The fact of activation of the corrosion process indicates that the "swinging" of moisture, which occurs in a pulsed mode, under the influence of thermomotive forces, eventually leads to a change in the structure of the soil, smoothing of the bumps and the movement of particles of the dusty fraction in the capillaries, i.e.

in fact, improved ducts are formed through which the ground electrolyte moves unhindered. During the experiment, at the moment when water began to flow through the perforated holes, the movement of H2 bubbles along the capillaries and their removal along with the water (visually) was also noted.

In experiment No. 3 (t = const), the water supplied through the funnel practically did not seep through the perforated holes, causing at times even a rise in the water level in the funnel with the creation of a static head. No water leaked through the perforated holes. Soil electrolyte differs from liquid electrolyte by its high resistance to ion movement.

In experiment No. 4 (t = 31/42 ° C), the soil was used the same with gleying, with an hour. The only difference is the pulsed temperature regime. Moving in a non-pressurized mode, the water overcame the resistance of the ground in about 8 hours from the beginning of the experiment. After another hour, a balance was established: the inflow of water became equal to the outflow. The unit was shut down at night. In the morning, after turning on the unit, water dripped through the drainage holes after 50 minutes.

This fact indicates a decrease in the hydraulic resistance of the capillaries due to the formation of improved ducts. In such an environment, electrolyte ions are more mobile, which undoubtedly contributes to the corrosion of the metal, since it provides the renewal of the soil electrolyte with running water.
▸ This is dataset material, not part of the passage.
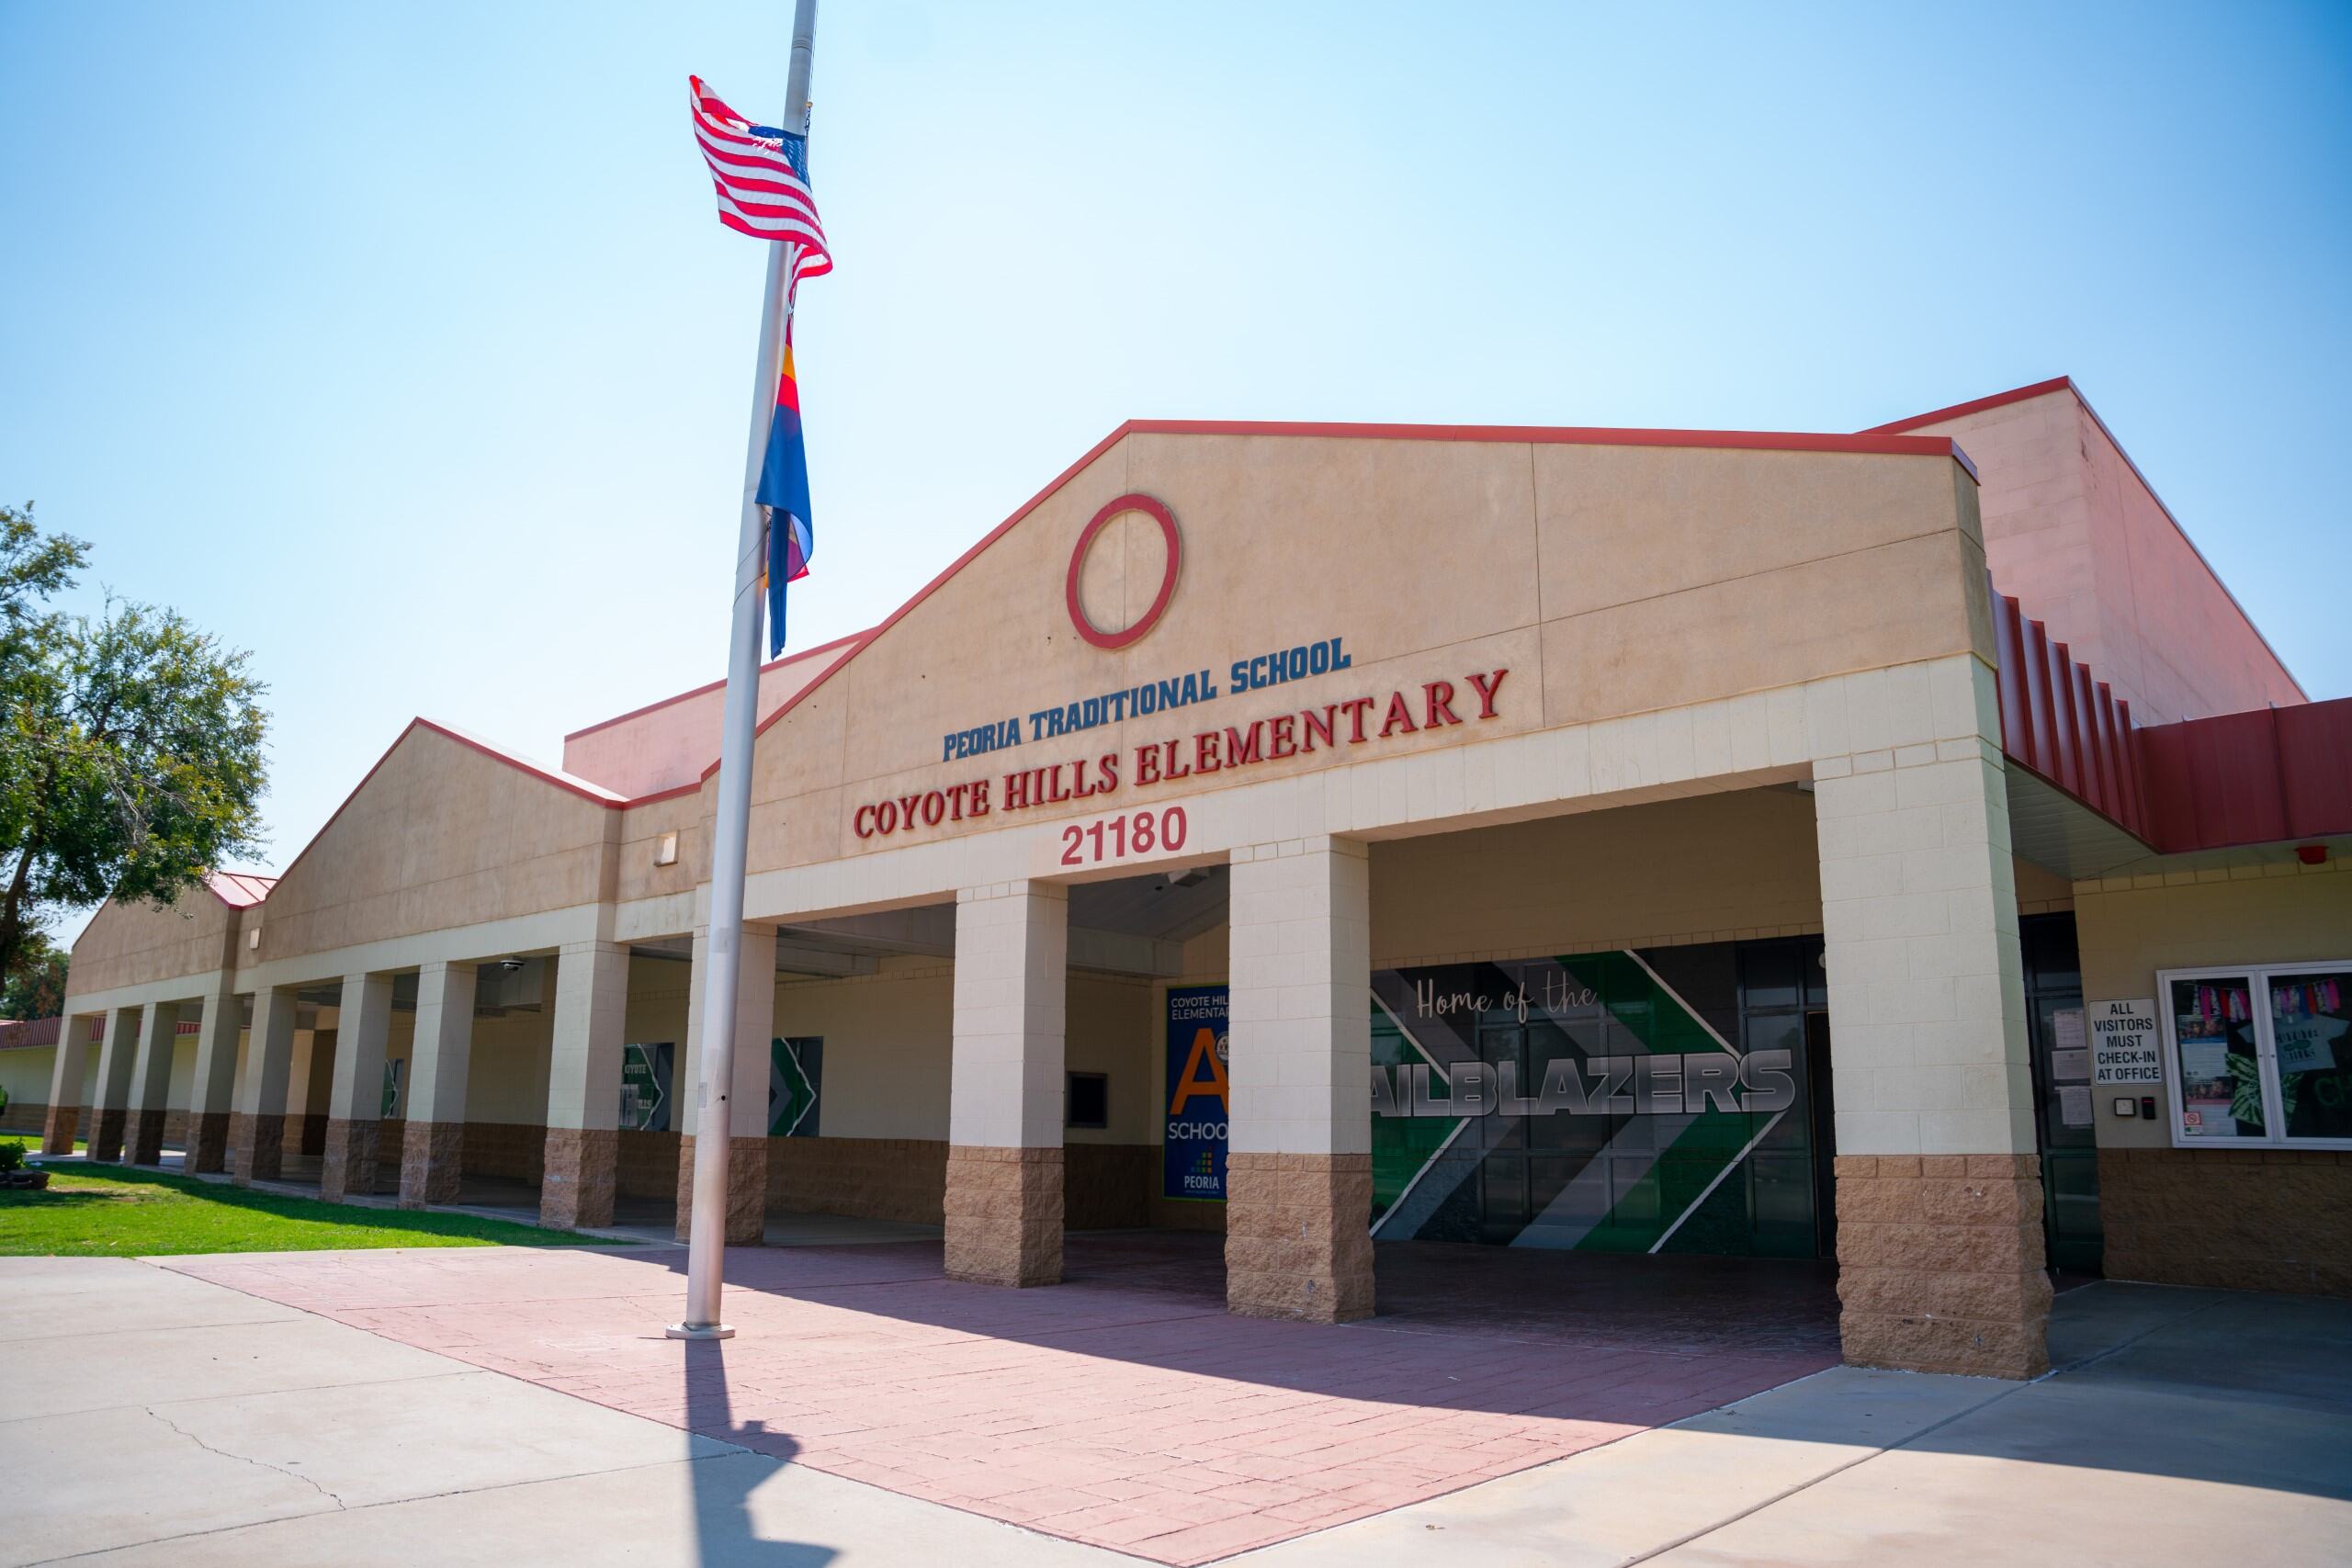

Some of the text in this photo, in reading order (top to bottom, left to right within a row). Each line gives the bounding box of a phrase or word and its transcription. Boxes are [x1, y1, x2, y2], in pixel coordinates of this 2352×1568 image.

In this case, each impulse provides a change in the 1st and 2nd stages of formation, as if strengthening, adjusting the discrete growth of corrosion processes.
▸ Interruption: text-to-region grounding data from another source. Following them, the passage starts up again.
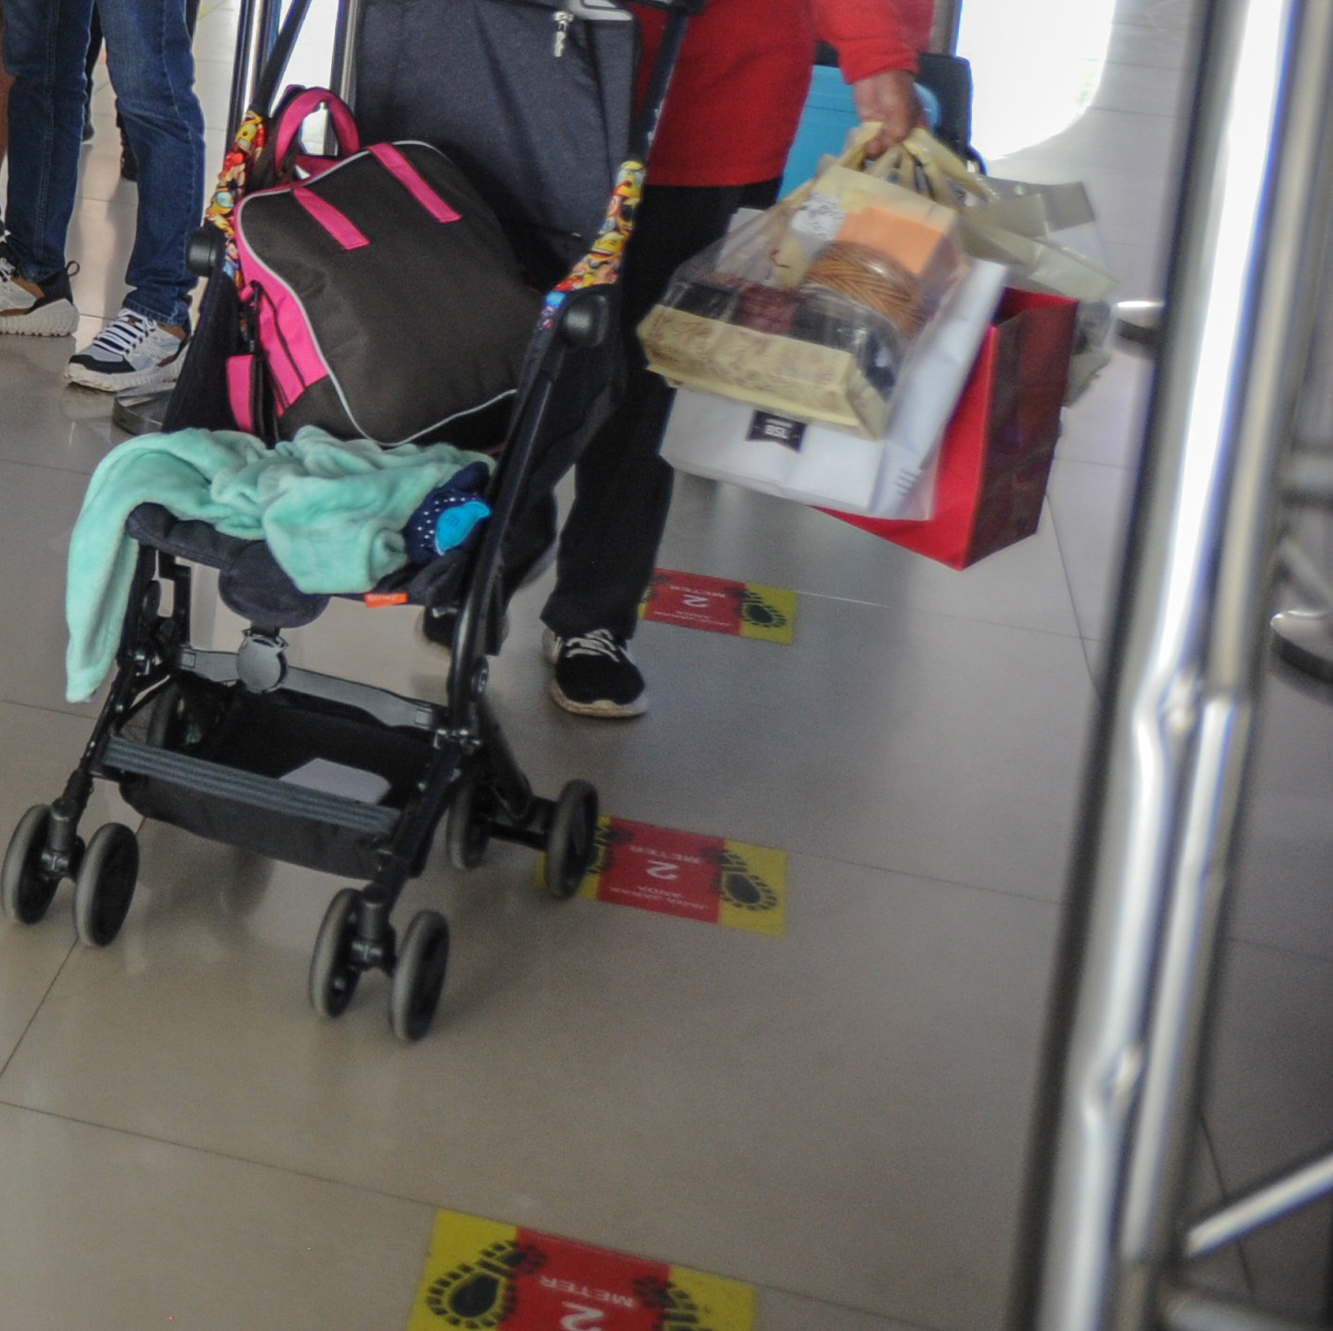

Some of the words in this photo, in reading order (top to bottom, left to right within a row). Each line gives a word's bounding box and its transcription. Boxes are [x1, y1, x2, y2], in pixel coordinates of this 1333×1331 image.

[683, 594, 709, 608] 2
[629, 844, 701, 865] METER
[646, 859, 680, 881] 2
[538, 1274, 635, 1309] METER
[559, 1300, 604, 1331] 2
Naturally, this not only intensifies the development of corrosion processes, but also intensifies focal corrosion, point and surface, since they are characterized by general electrochemical processes.
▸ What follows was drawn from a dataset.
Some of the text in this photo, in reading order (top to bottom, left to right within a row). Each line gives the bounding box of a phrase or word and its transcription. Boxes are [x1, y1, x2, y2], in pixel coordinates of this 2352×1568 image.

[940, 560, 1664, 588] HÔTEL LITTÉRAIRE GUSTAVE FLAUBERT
Thus, the experiments carried out show that, other things being equal, pulsed temperature exposure and variable humidity increases the corrosiveness of the soil by 6.9 times (experiments No. 1 and No. 2), and with a deterioration in the physical characteristics of the soil by 11.2 times (experiment No. 3 and 4).

2.4. Investigation of the influence of the frequency of temperature fluctuations and thermal parameters on the corrosive activity of soils (second series of experiments) Frequent temperature fluctuations are characteristic of the operating modes of main gas pipelines. Within a month, only the number of starts of AVO fans at natural gas cooling sites reaches 30 ... 40.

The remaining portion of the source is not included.